Lesson 2: Acid-Base Equilibria

Part e: Titration Analysis

Part a: Weak Acid and Weak Base Dissociation
Part b: Percent Dissociation and K_a and K_b
Part c: Dissociation of Polyprotic Acids
Part d: Determination of the pH of Salts
Part e: Common Ion Effects and Buffers
Part f: Titration Analysis

 

The Big Idea

A titration curve is not just a shape—it’s a story of acid, base, and equilibrium. In this lesson, we’ll break down how to compute the pH at key points (before, at, and after equivalence) in a weak-acid/strong-base titration.
 

 

Titration Curves

The topic of titration was introduced in Chapter 15 of this Chemistry Tutorial. A titration is an analytical procedure that is used to determine the moles of acid (or base) in a sample of unknown concentration. On this page, we will revisit the topic of titration with a focus on explaining the mathematics of pH curves (sometimes called titration curves). We will restrict our discussion to the titration of a weak acid with a strong base.

 
As the known solution (referred to as the titrant) is added to the unknown solution (the analyte), the acid and base react and the pH naturally undergoes a change.
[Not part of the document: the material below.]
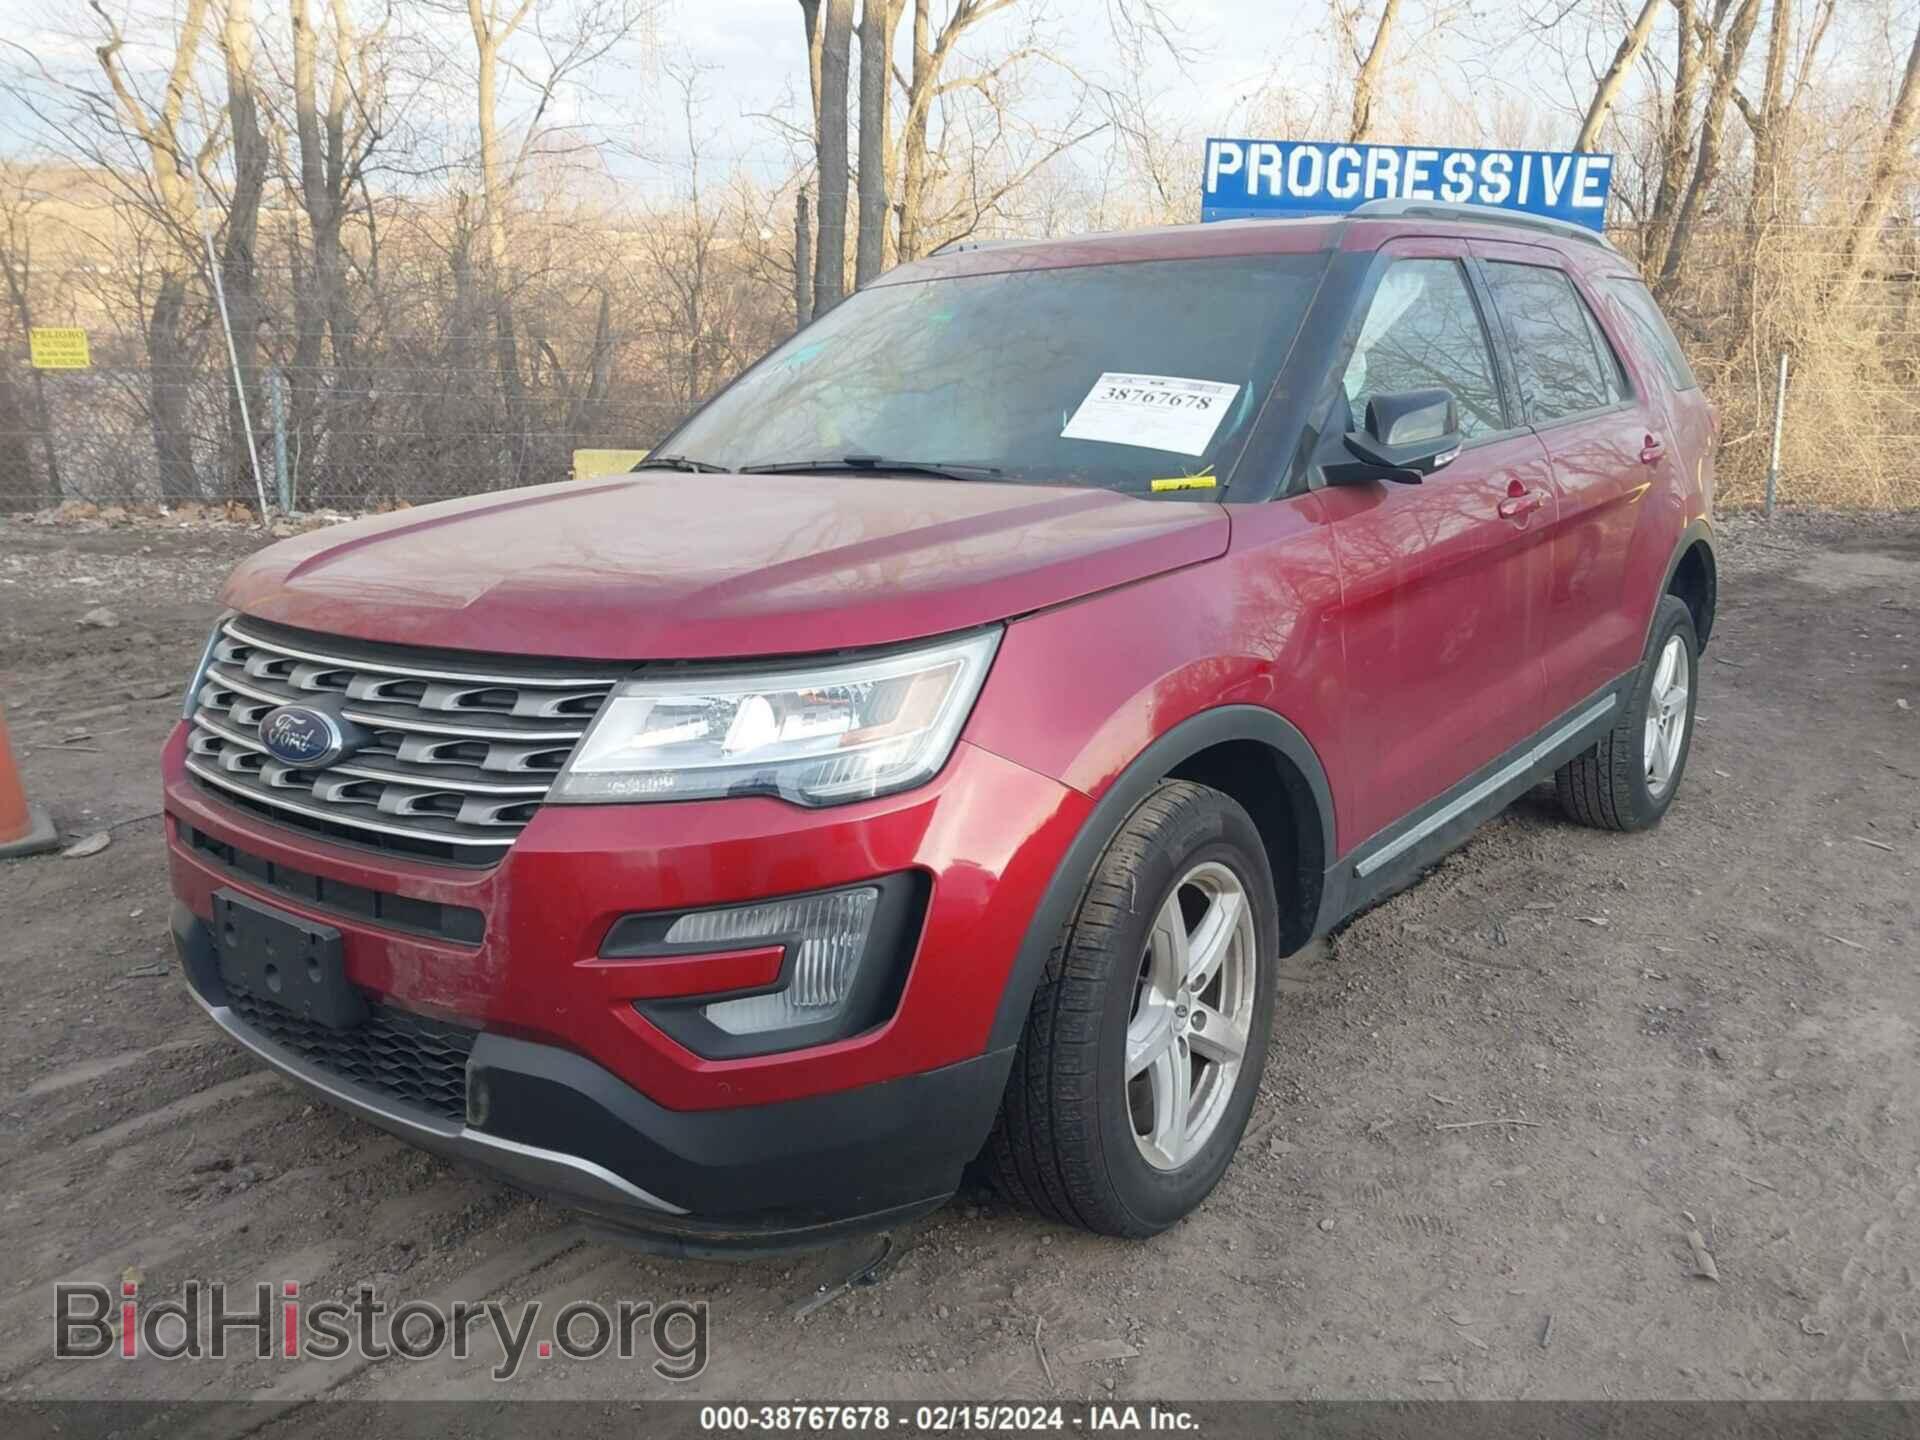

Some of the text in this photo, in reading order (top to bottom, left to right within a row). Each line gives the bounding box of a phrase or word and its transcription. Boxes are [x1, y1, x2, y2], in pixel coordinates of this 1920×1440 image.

[1206, 141, 1610, 208] PROGRESSIVE
[1100, 387, 1213, 410] 38767678
[268, 713, 315, 753] Ford
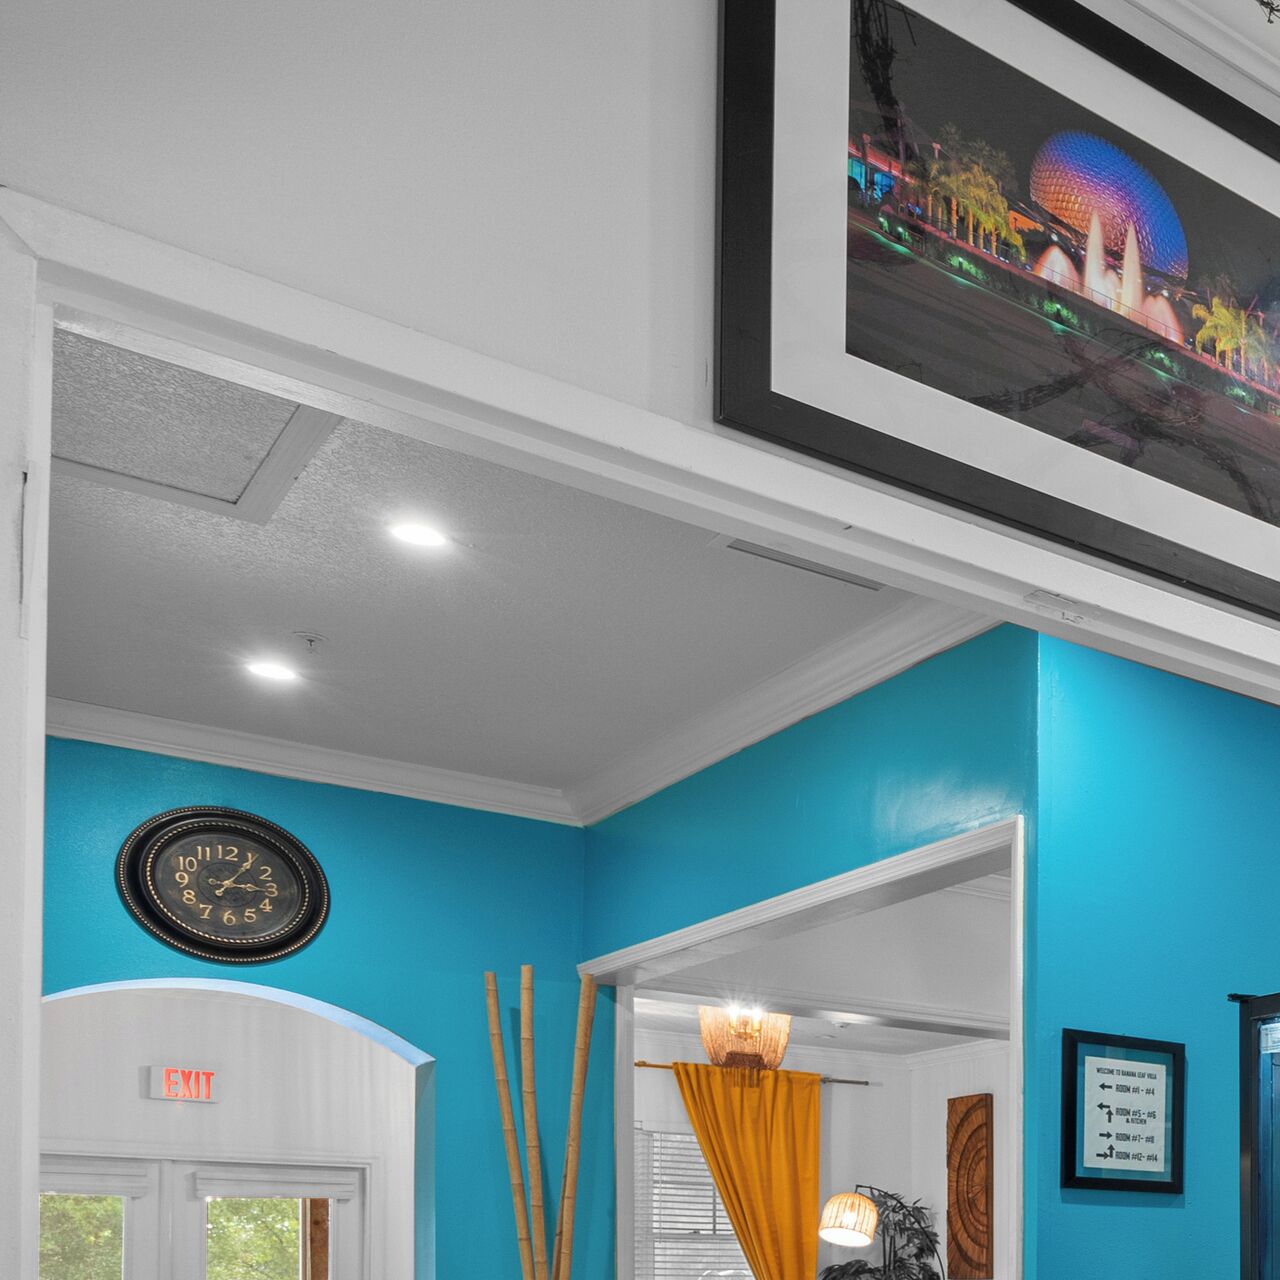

As the equivalence point is approached, there is a sudden and steep increase in the pH of the solution. Once the equivalence point has been passed, the pH begins to level off. This pattern of pH change is clearly seen in a pH curve (or titration curve). We have previously discussed the conceptual aspect of these titration curves. We now wish to show the mathematical basis for these patterns of change.
 

 
 
 

Titration of a Weak Acid with a Strong Base - Before the Equivalence Point

Here are the conditions: we have a generic weak acid, HA, with a K_a value of 1.0x10^-5. We will titrate 40.0 mL of a 1.00 M solution of HA with a 2.00 M solution of the strong base NaOH. We will conduct a pH analysis for several points during the titration for varying volumes of NaOH being added to the weak acid.
 
Given these conditions, we can predict that the equivalence point occurs when 20.0 mL of NaOH have been added to the flask.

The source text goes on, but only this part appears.